ExpressionSets objects

For example: load(file.path(system.file(package = "Bioc2020Anno", "extdata"), "eset.Rdata")

  • exprs(eset)
  • pData(phenoData(eset))
  • pData(featureData(eset))

Genomic centric

  • GRanges()
  • GrangesList()

GRanges() and GRangesLists act like data.frames and lists, and can be subsetted using the [ function.

SummarizedExperiment objects

SummarizedExperiment objects are like ExpressionSets, but the row-wise annotations are GRanges, so you can subset by genomic locations.

SummarizedExperiment objects are like ExpressionSets, but the row-wise annotations are GRanges, so you can subset by genomic locations.

SummarizedExperiment objects are popular objects for representing expression data and other rectangular data (feature x sample data).

  • array() or assays(): genes x samples
  • colData(): samples x sample features
  • rowData(): genes x gene features. The gene features could be result from running analyses; see EnrichmentBrowser vignette.

Examples: GSEABenchmarkeR package.

biomaRt

library(biomaRt)
listMarts(host = "useast.ensembl.org")

# biomaRt data sets
mart <- useEnsembl("ensembl")
head(listDatasets(mart))

# biomaRt queries
mart <- useEnsembl("ensembl","hsapiens_gene_ensembl")

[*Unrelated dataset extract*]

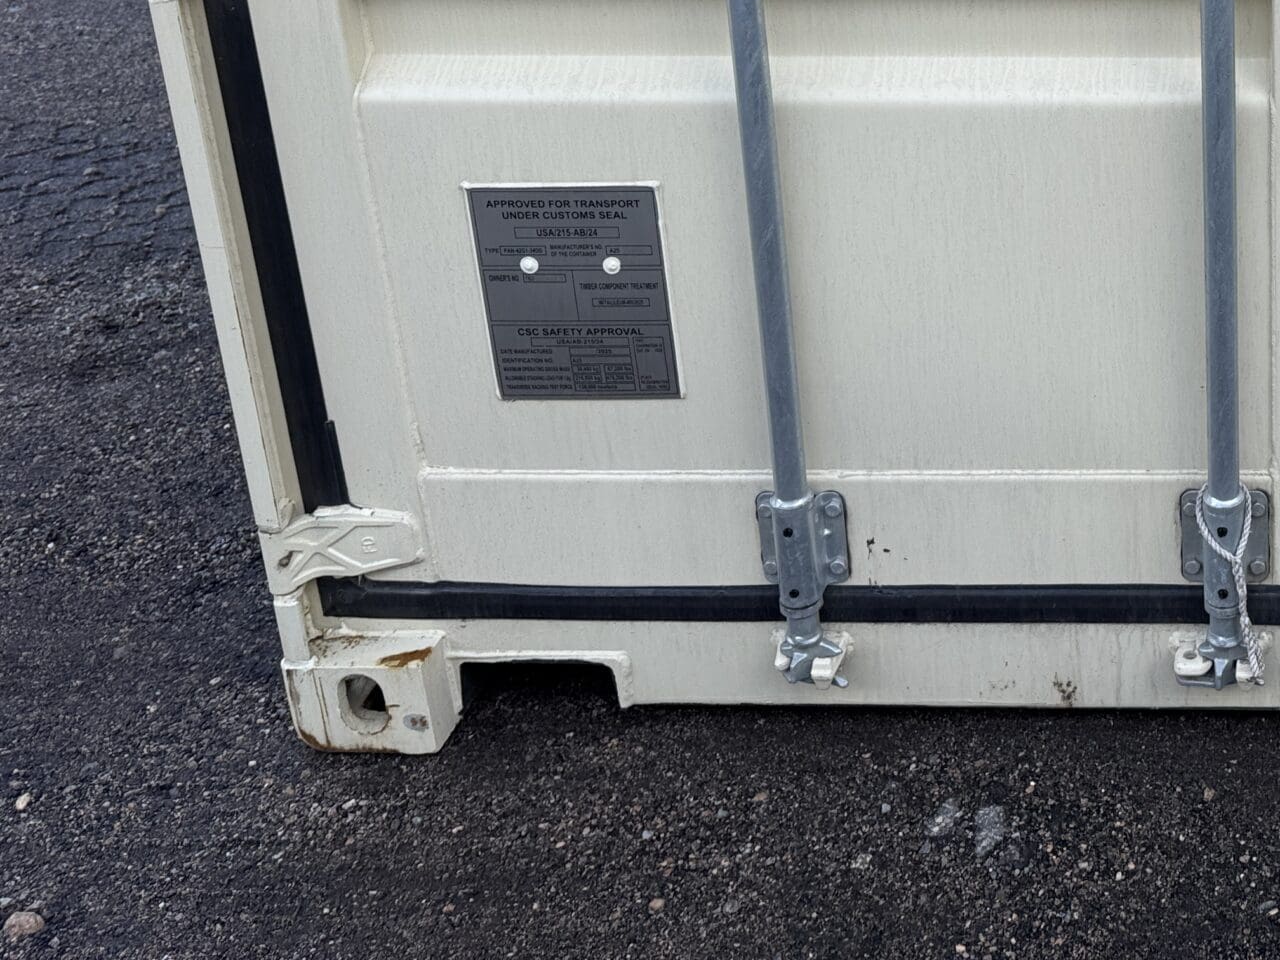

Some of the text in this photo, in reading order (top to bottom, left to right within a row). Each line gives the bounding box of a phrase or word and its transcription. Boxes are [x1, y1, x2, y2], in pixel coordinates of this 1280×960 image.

[486, 200, 640, 209] APPROVED FOR TRANSPORT
[502, 211, 627, 220] UNDER CUSTOMS SEAL
[518, 328, 644, 336] CSC SAFETY APPROVAL

# biomaRt attributes and filters
atrib <- listAttributes(mart)
filts <- listFilters(mart)
head(atrib)
head(filts)

# biomaRt query
afyids <- c("1000_at","1001_at","1002_f_at","1007_s_at")
getBM(c("affy_hg_u95av2", "hgnc_symbol"), c("affy_hg_u95av2"), afyids, mart)

AnnotationHub

library(AnnotationHub)
hub <- AnnotationHub()
hub
# Querying AnnotationHub
names(mcols(hub))

# AnnotationHub Data providers
unique(hub$dataprovider)

# AnnotationHub Data classes
unique(hub$rdataclass)

# AnnotationHub Species
head(unique(hub$species))
length(unique(hub$species))

# AnnotationHub Data sources
unique(hub$sourcetype)

# AnnotationHub query
qry <- query(hub, c("granges","homo sapiens","ensembl"))
qry
qry$sourceurl

# Selecting AnnotationHub resource
whatIwant <- qry[["AH80077"]]
GRCh38TxDb <- makeTxDbFromGRanges(whatIwant)
GRCh38TxDb

Map Ensembl IDs to Entrez IDs

See the vignette from SingscoreAMLMutations.

Multimapped Ensembl IDs are replaced by NAs, then discarded to enforce unique mapping. Similarly, Entrez IDs that map to multiple Ensembl IDs are identified from the mapping, and discarded. Only features with unique Ensembl ID to Entrez ID mappings remain.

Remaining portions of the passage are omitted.